La relación de trabajo de Travers con Disney y su equipo es difícil desde el principio, con su insistencia en que Mary Poppins es enemiga del sentimiento y el capricho. Disney y su equipo están desconcertados por el desprecio de Travers por la fantasía, dada la naturaleza de la historia de Mary Poppins, así como la rica imaginación de la propia Travers. En particular, se opone a la forma en que se representa el personaje de George Banks, el padre separado de los niños, insistiendo en que no es ni frío ni cruel. Poco a poco, el equipo se da cuenta de lo profundamente personales que son las historias de Mary Poppins para Travers y de que muchos de los personajes están inspirados en su pasado.

El equipo reconoce que Travers tiene críticas válidas y realiza cambios, aunque ella se desentiende cada vez más al resurgir recuerdos dolorosos de su infancia. Buscando entender lo que le preocupa, Disney invita a Travers a Disneylandia, lo que, junto con su amistad con Ralph, las revisiones del equipo creativo al personaje de George Banks y la adición de una nueva canción y un final diferente, ayudan a disolver la oposición de Travers. Su creatividad despierta y comienza a colaborar con el equipo.

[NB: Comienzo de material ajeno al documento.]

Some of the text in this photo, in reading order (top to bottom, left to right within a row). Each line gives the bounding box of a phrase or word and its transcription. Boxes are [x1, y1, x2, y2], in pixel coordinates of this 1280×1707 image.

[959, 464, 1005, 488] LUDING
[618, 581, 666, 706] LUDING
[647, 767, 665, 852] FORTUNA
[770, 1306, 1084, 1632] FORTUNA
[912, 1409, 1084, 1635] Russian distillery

Sin embargo, poco después, Travers se enfurece al descubrir que se ha añadido una secuencia de animación, por lo que se enfrenta a Disney por ello y vuelve a casa.

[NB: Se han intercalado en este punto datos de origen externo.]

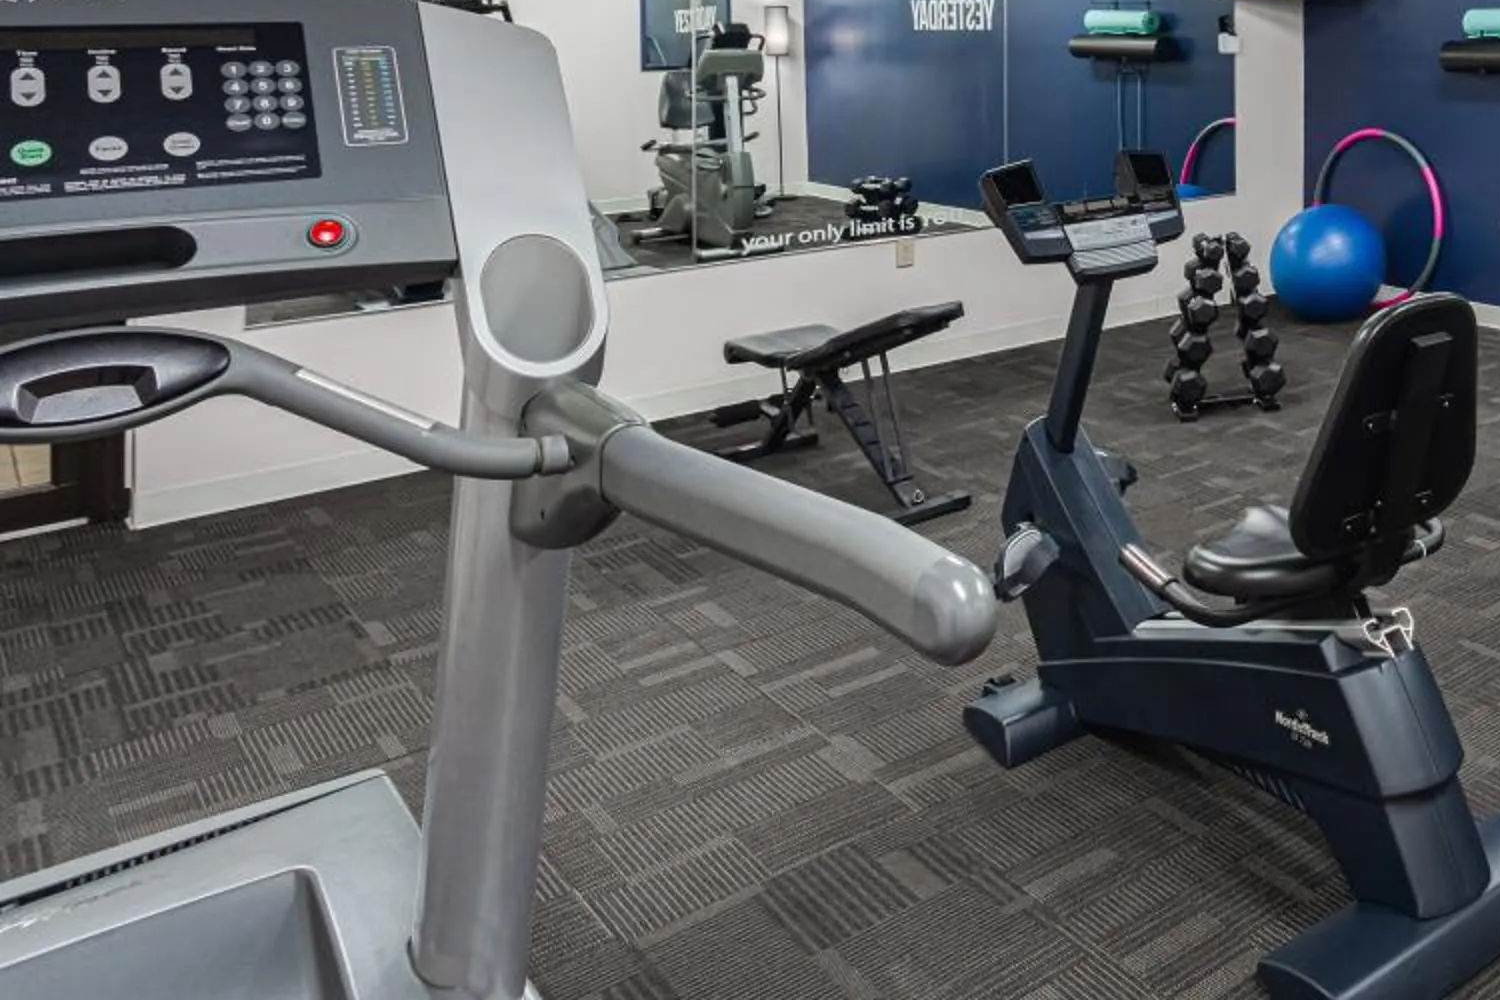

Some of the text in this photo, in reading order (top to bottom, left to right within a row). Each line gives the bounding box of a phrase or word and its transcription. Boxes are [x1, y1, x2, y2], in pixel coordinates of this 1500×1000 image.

[741, 231, 794, 256] your
[798, 223, 845, 243] only
[850, 217, 895, 237] limit
[898, 213, 916, 232] is

Disney se entera de que “P. L. Travers” es un seudónimo, tomado del nombre del padre de Travers. Su verdadero nombre es Helen Goff y es australiana, no inglesa. Esto permite a Disney conocer mejor a Travers y seguirla hasta Londres. Al llegar inesperadamente a su casa, Disney comparte su propia infancia, que no es ideal, pero subraya el valor curativo de su arte. Insta a Travers a no dejar que las decepciones del pasado, profundamente arraigadas, dicten el presente. Esa noche, después de que Disney se haya marchado, Travers finalmente cede y concede los derechos de la película a Disney.

Tres años más tarde, en 1964, Travers ha comenzado a escribir otra historia de Mary Poppins, mientras que Mary Poppins va a tener su estreno mundial en el Teatro Chino de Grauman en Hollywood. Disney no ha invitado a Travers, por temor a la reacción de la prensa. A instancias de Russell, Travers se presenta sin previo aviso en la oficina de Disney, que le extiende una invitación a regañadientes. Al principio, ve Mary Poppins con poco entusiasmo, sobre todo durante las secuencias animadas. Sin embargo, poco a poco se va adaptando al resto de la película y se emociona con la descripción de la crisis personal y la redención de George Banks.